If a part contains one or more complex features or is difficult or even impossible to machine, it’s probably a good fit for 3D printing, according to Xometry.  Image courtesy of Xometry

This limitation began to lift with the advent of fused deposition modeling (FDM) and selective laser sintering, both of which offer far more polymer options than SLA. What’s more, SLA quickly expanded its resin-based offering. The result was that practically any polymer became printable, including ABS, PET, nylon, polycarbonate, TPE and PEEK. Still, none of these technologies could print metal.

That’s changed over the past three decades with the development of metal powder bed 3D printing and, more recently, binder jet and metal-injection-molded-like (MIM) additive manufacturing (AM).

Jeph Ruppert, director of the Customer Innovation Center for 3D Systems, Rock Hill, South Carolina, said today’s metal powder bed printers make it possible to produce prototype and low-volume production parts from various metals, such as tool steel, titanium, stainless steel and cobalt-chrome alloy. In metallurgical terms, these 3D-printed alloys are virtually identical to their forged, cast or rolled counterparts, and the same freedom of design common with 3D-printed polymer parts is available with metal ones. 

Faster, Better, More Affordable

“Thanks in large part to Chuck Hull’s invention, plastics have long been the standard material for rapid prototyping,” Ruppert said. “Prototyping in metals, however, offers several advantages. If the part you wish to produce will ultimately be made of metal, a metal prototype gives you a better representation of its form, fit and function. Also, metal parts are generally more durable than ones made of plastic, meaning they can better withstand the rigors of testing.”
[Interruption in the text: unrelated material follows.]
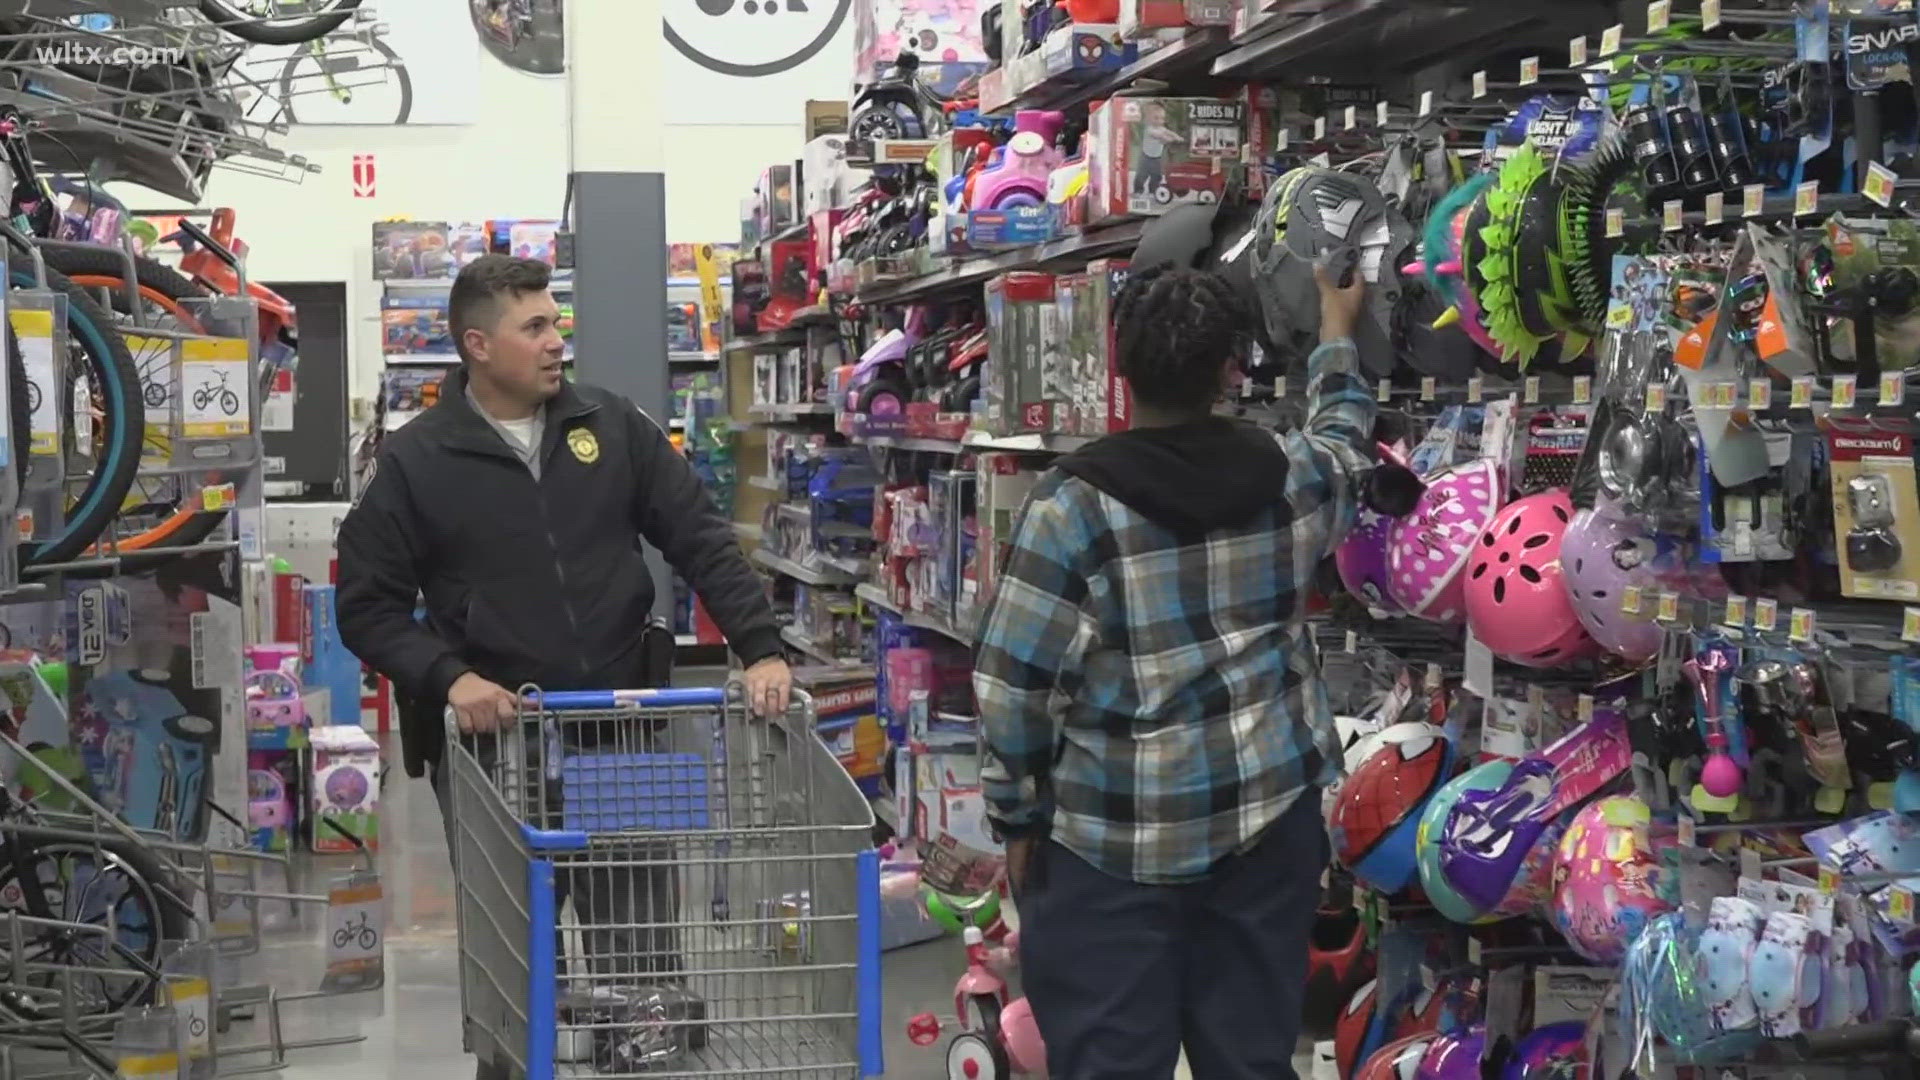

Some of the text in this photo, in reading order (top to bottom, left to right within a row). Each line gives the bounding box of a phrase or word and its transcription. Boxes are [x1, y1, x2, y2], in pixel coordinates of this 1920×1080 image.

This stainless steel lamella heat exchanger was designed for restricted space in an assembly. Additive manufacturing enabled the inclusion of encapsulated conformal internal channels, as well as integrated turbulators to improve the heat transfer coefficient, and reduced the part count from 40 pieces to one.  Image courtesy of 3D Systems

Ruppert said rapid prototyping with metal is becoming more accurate, affordable, functional and faster. Speed is especially beneficial in a world that demands quick turnaround on design iterations. As a result of this synergy, 3D Systems—together with competing service providers and AM equipment builders—has seen an exponential increase over the past five years in metal powder bed prototyping requests from customers in the aerospace, medical and energy industries. This trend also correlates to the increased adoption of metal AM in full-scale production.
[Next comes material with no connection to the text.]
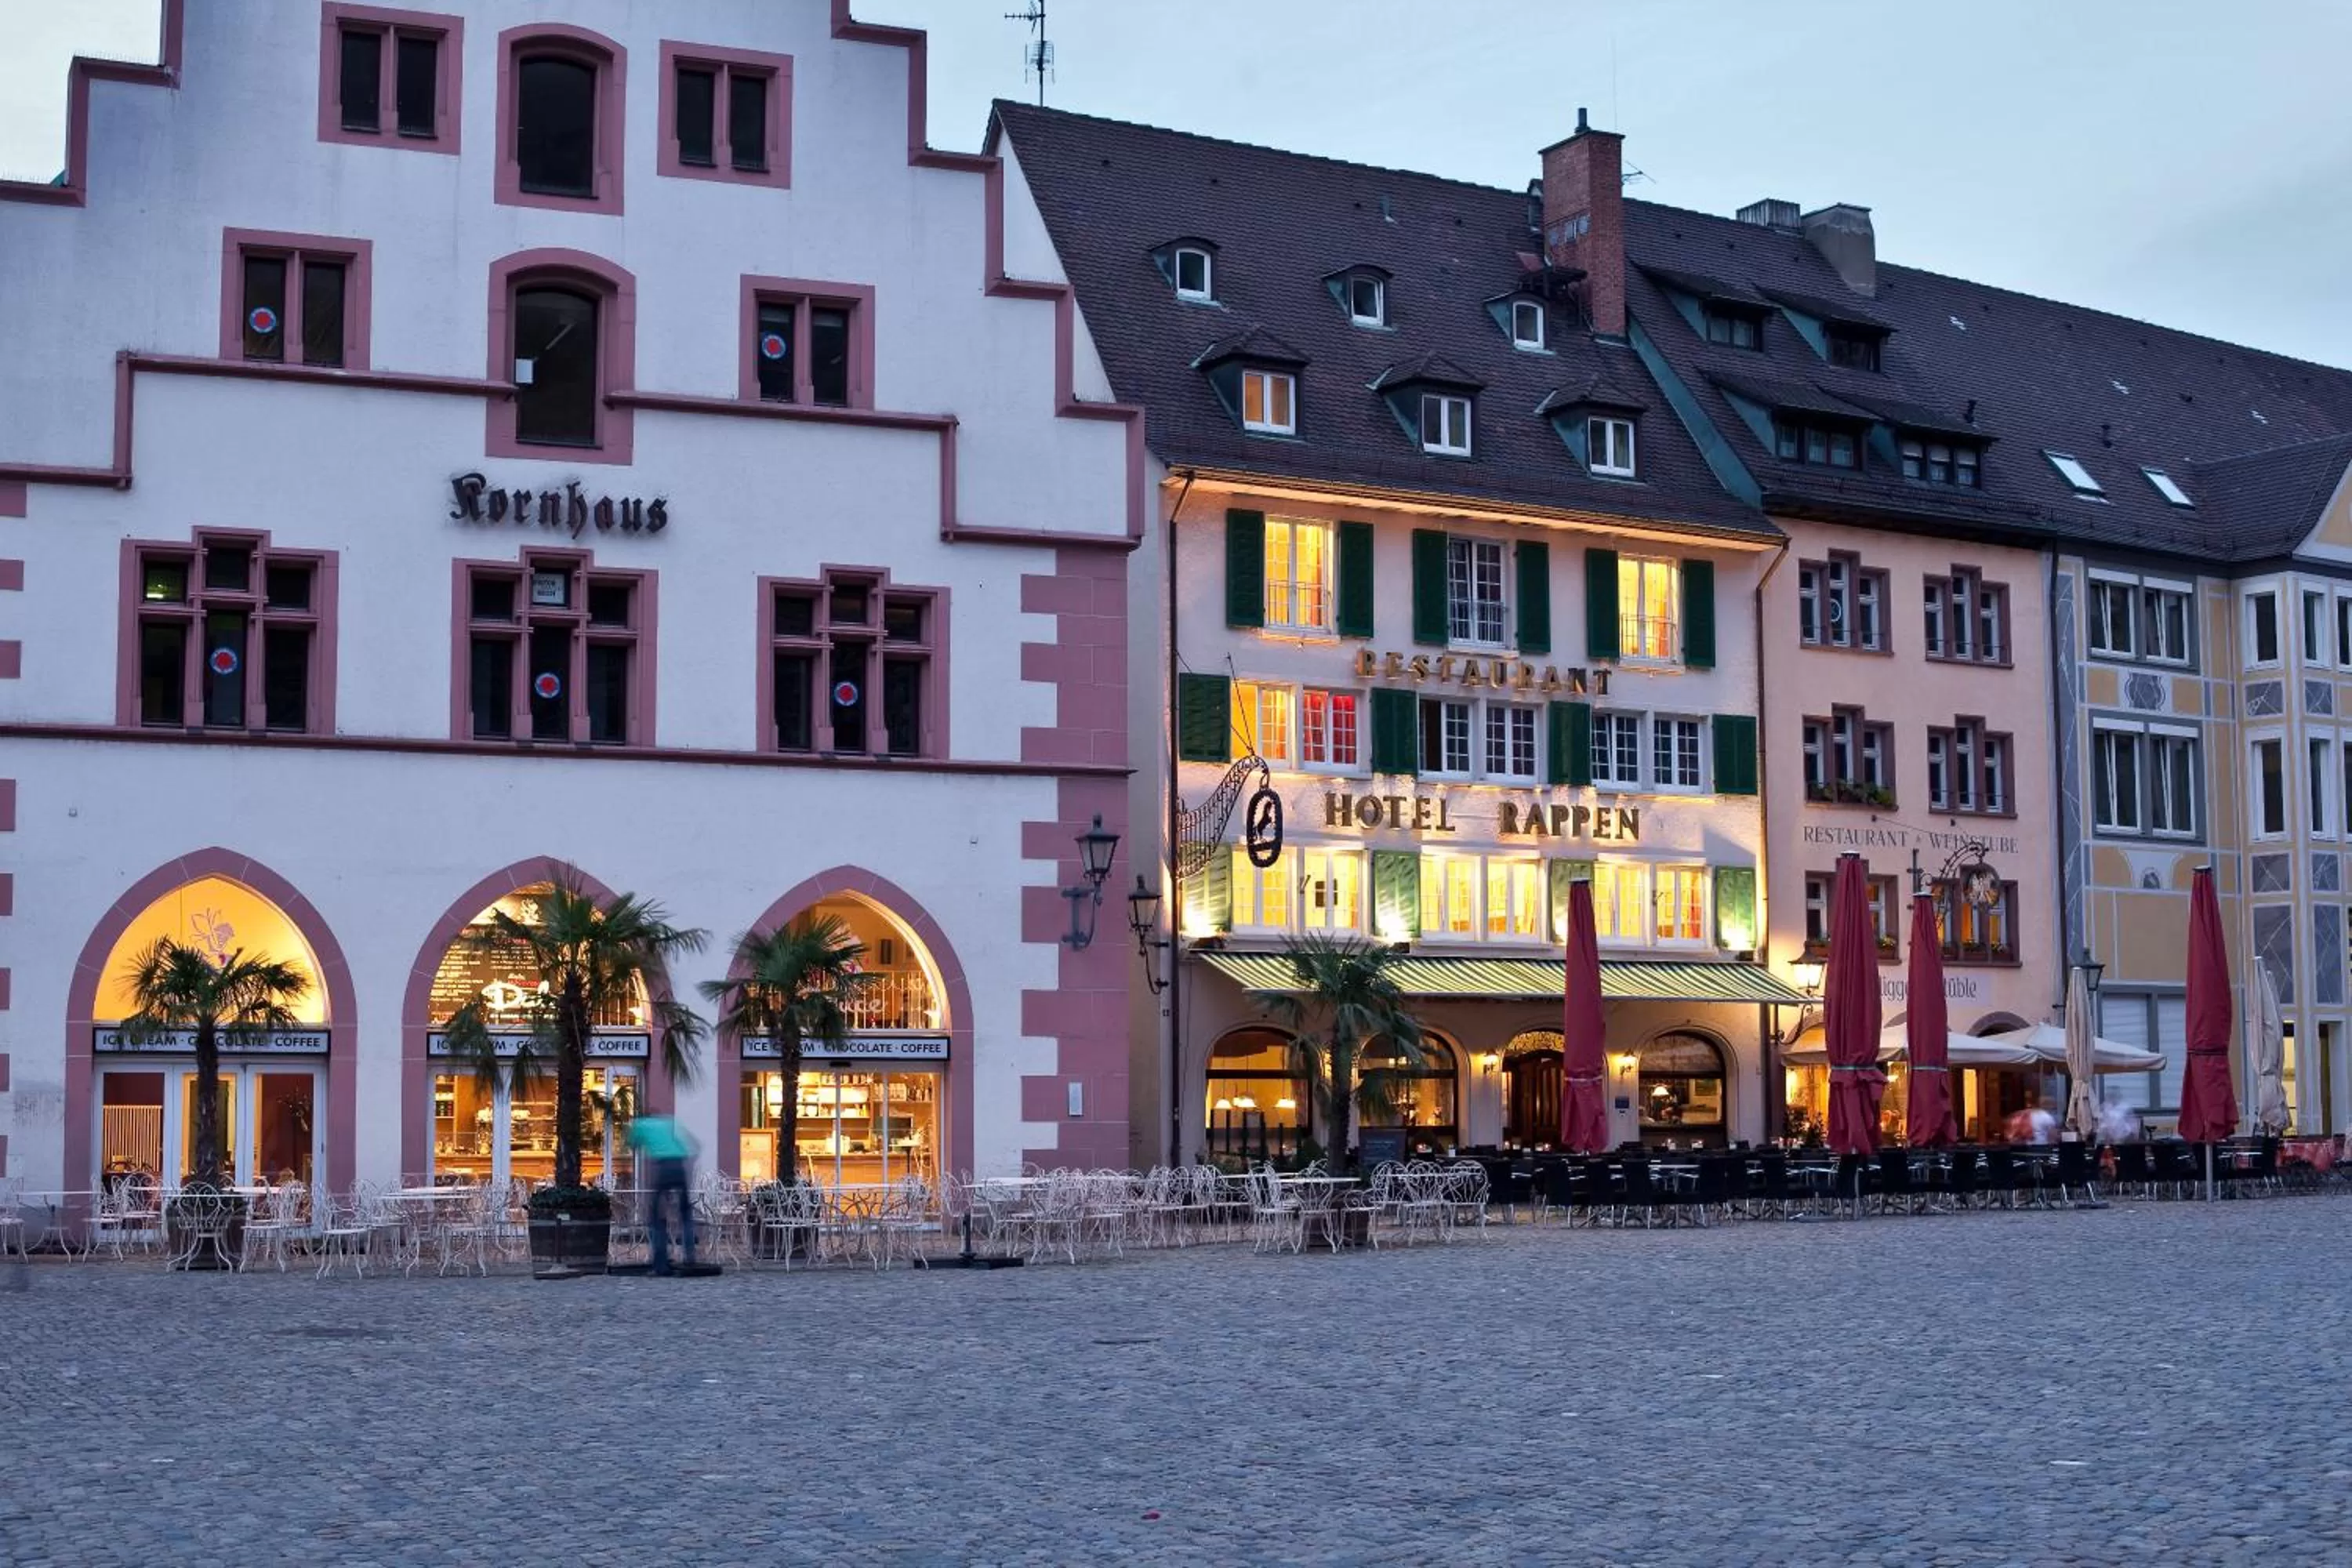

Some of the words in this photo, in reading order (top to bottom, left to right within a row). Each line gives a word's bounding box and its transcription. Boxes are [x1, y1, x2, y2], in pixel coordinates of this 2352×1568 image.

Examples are orthopedic implants and surgical instruments, aerospace structural components and industrial gas turbine components. “Prototyping in metal also reduces the development cycle, dramatically in some cases,” Ruppert said. “Because the prototype part is so much closer to the finished, functional part, the path to market within these critical-application industries is much more direct.”

Manufacturing Accelerated

Maple Plain, Minnesota-based Proto Labs Inc., which does business as Protolabs, does not build 3D printers—metal or otherwise—but sure uses a lot of them. Joe Cretella, application engineer at Protolabs’ Morrisville, North Carolina, facility, noted that the company owns 25 of Concept Laser’s high-resolution metal powder bed printers, 24 more than when he began working there seven years ago. “We’re definitely seeing a greater call for 3D-printed metal prototypes,” he said. “It’s one of the fastest growing segments of our business.” 
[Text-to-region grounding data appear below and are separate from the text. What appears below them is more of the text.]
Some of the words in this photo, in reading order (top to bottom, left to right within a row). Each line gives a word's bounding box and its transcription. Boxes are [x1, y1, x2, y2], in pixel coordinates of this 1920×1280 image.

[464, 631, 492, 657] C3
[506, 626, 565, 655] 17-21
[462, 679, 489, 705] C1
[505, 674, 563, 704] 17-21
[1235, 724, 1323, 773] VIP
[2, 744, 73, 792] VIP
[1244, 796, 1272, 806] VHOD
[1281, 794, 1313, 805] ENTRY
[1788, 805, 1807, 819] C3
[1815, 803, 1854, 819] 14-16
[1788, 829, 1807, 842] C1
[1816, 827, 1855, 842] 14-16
Supporting that many printers requires significant machining capabilities. That’s because 3D-printed metal prototypes need more secondary processing than their polymer counterparts. The metal scaffolding used to support parts and keep them from twisting and warping during the printing process must be removed, either manually with a hand-held grinder or machined away in one of the company’s CNC machine tools. 


At 3D Systems’ Customer Innovation Center in Littleton, Colorado, application engineers work with customers to determine their unique needs. Image courtesy of 3D Systems

Similarly, the surfaces of 3D-printed metal parts are typically rough—similar to that of a sandcasting—and must be milled or turned if a smoother finish is specified. Holes are often reamed, bored or threaded. Features with tolerances in the neighborhood of ±0.005" or less must be machined, depending on the application. Heat treatment to remove thermally induced stress is also needed; plus, bead blasting to remove surface irregularities is common.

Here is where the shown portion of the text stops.